Sesampainya di rumah dengan langkah perlahan karena masih merasakan tidak nyaman di area perutnya, Intan berjalan ke kamar sang ibu.
"Ibu...buka pintunya...!'' Intan menggedor pintu kamar sang ibu beberapa kali.
Bu Yuyun yang sedang tidur karena baru pulang pukul dua pagi pun merasa terganggu dengan suara gedoran pintu.
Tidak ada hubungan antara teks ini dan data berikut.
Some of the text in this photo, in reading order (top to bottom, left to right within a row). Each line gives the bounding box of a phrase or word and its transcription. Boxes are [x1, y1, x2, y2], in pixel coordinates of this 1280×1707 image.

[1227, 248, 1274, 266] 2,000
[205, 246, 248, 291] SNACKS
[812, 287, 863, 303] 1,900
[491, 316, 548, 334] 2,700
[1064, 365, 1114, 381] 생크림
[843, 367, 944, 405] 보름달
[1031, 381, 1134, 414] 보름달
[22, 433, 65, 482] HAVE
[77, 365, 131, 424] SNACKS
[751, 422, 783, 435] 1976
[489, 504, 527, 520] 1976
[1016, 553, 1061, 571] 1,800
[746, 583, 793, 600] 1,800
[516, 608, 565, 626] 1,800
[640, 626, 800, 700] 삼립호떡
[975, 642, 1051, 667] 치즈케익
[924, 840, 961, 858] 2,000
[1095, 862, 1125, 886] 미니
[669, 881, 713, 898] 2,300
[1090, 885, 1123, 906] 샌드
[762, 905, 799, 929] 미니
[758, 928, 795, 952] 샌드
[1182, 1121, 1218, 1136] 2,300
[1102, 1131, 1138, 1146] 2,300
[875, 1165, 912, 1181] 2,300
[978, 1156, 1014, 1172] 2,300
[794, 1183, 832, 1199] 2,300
Bu Yuyun segera keluar dari kamarnya.
"Apa- apaan sih kamu Intan...! Mengganggu ibu saja...!" bu Yuyun kesal.
"Ibu baru pulang kerja... Ibu ngantuk...! Kenapa kamu mengganggu ibu...!'' seru bu Yuyun.
Melihat sang ibu marah, Intan pun semakin geram dengannya karena sang ibu sama sekali tidak merasa bersalah yang diam- diam telah mencampurkan obat penggugur kandungan ke dalam minumannya.
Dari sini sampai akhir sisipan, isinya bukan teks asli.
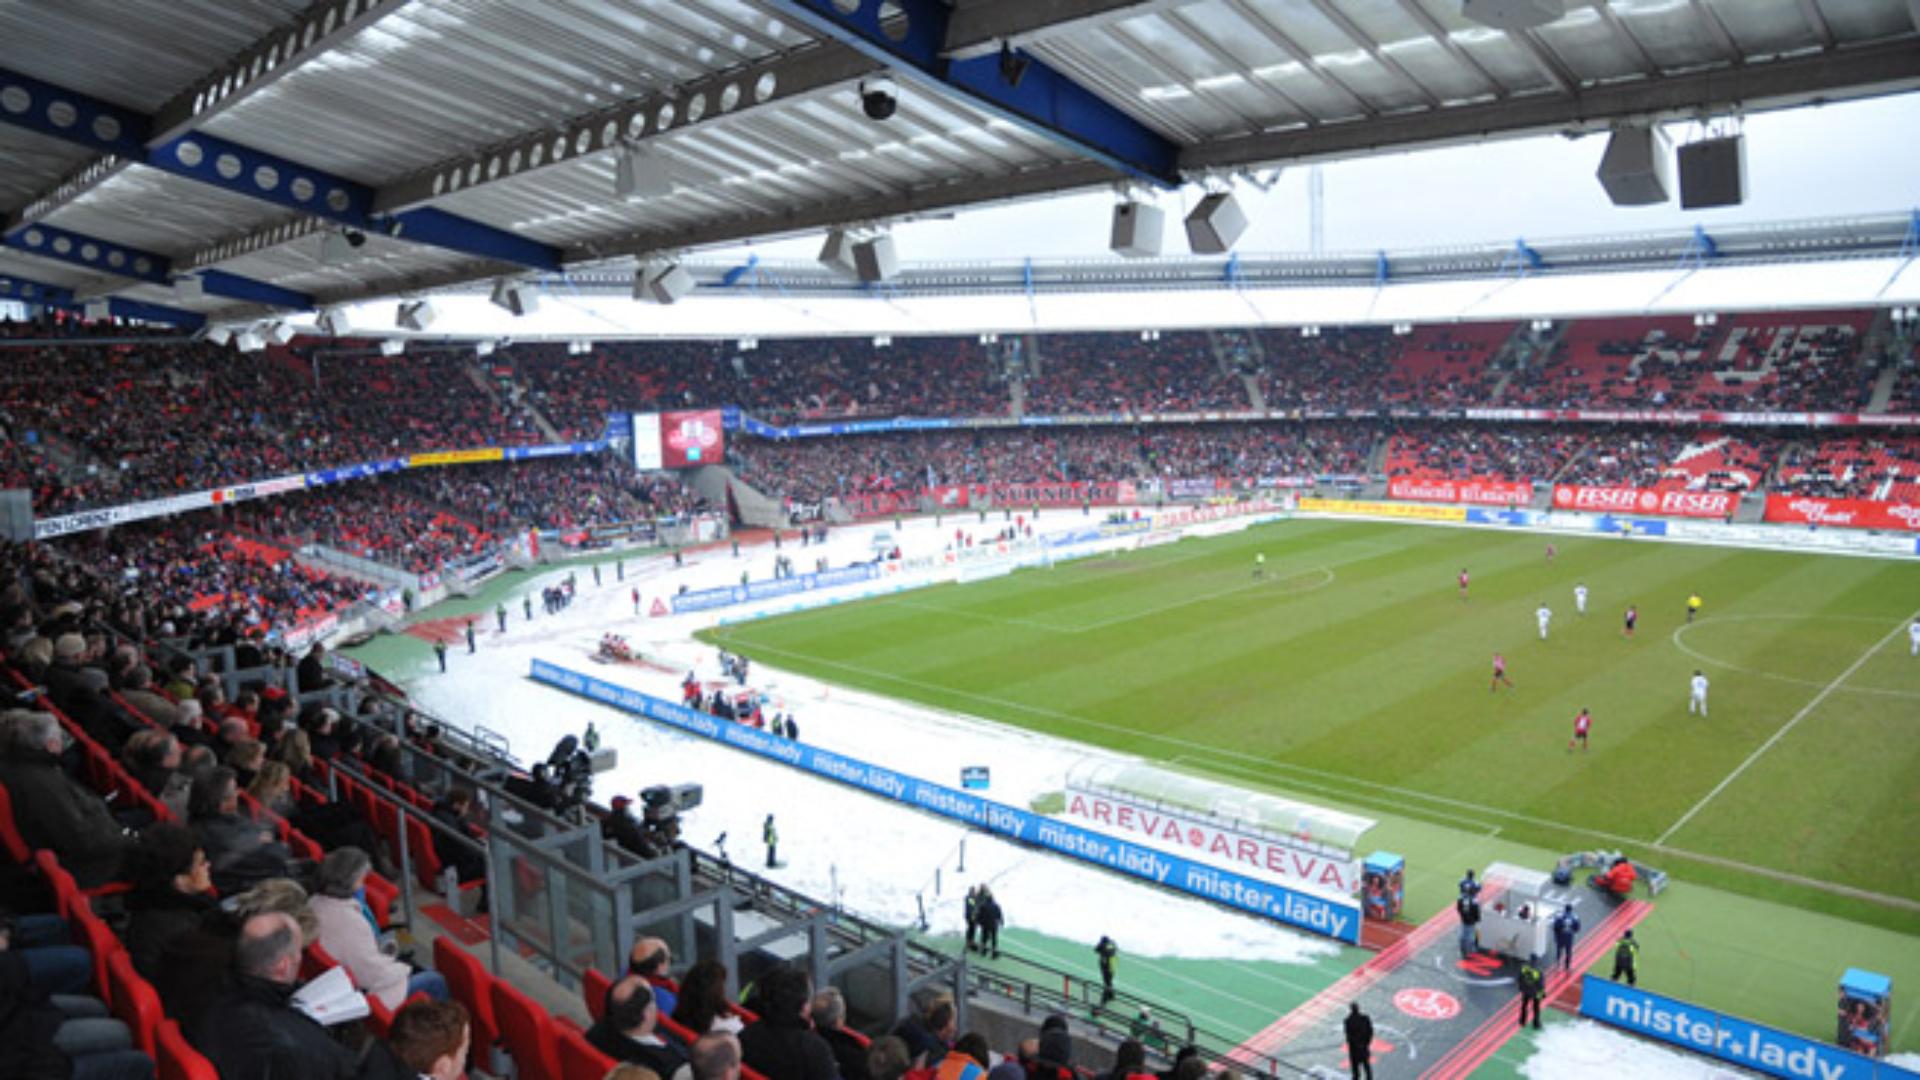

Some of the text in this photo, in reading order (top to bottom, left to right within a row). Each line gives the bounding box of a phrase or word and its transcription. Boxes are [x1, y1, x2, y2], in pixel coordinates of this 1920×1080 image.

[1576, 487, 1730, 513] FESER FESER
[1069, 795, 1346, 890] AREVA AREVA
"Kenapa ibu marah...! Harusnya Intan yang marah sama ibu...!" seru Intan sambil memegangi perutnya.
"Ibu kan yang sudah mencampurkan obat penggugur kandungan ke dalam teh yang ibu berikan pada Intan tadi malam kan...!'' seru Intan kesal.
"Kamu ini bicara apa...! Jangan menuduh ibu sembarangan kamu ya...!'' sahut bu Yuyun tidak terima dengan tuduhan Intan.
Intan menghela nafas dan menghembuskannya dengan kasar. Iya, tentu saja Intan sudah menduganya kalau sang ibu tidak akan mengakui perbuatannya.
"Tega ya ibu sama Intan. Padahal ibu tahu, itu anak intan satu- satunya harta yang berharga buat Intan. Tapi ibu malah membunuhnya...! Ibu kejam...! Jahat...!'' seru Intan lalu dia masuk ke dalam kamar.
💝💝💝💝💝💝💝💝💝💝💝💝💝💝
Sejak mengalami keguguran, hari-hari Intan kembali diisi dengan menangis dan menangis. Intan merasa bersalah pada almarhum Ridwan karena tidak bisa menjaga amanahnya. Melihat Intan terus bersedih karena kehilangan calon buah hatinya, bu Yuyun semakin kesal.
"Sudahlah Intan, jangan nangis terus... ! Kuping ibu panas denger kamu nangis setiap hari...!" ucap bu Yuyun sambil berdiri di depan kamar Intan.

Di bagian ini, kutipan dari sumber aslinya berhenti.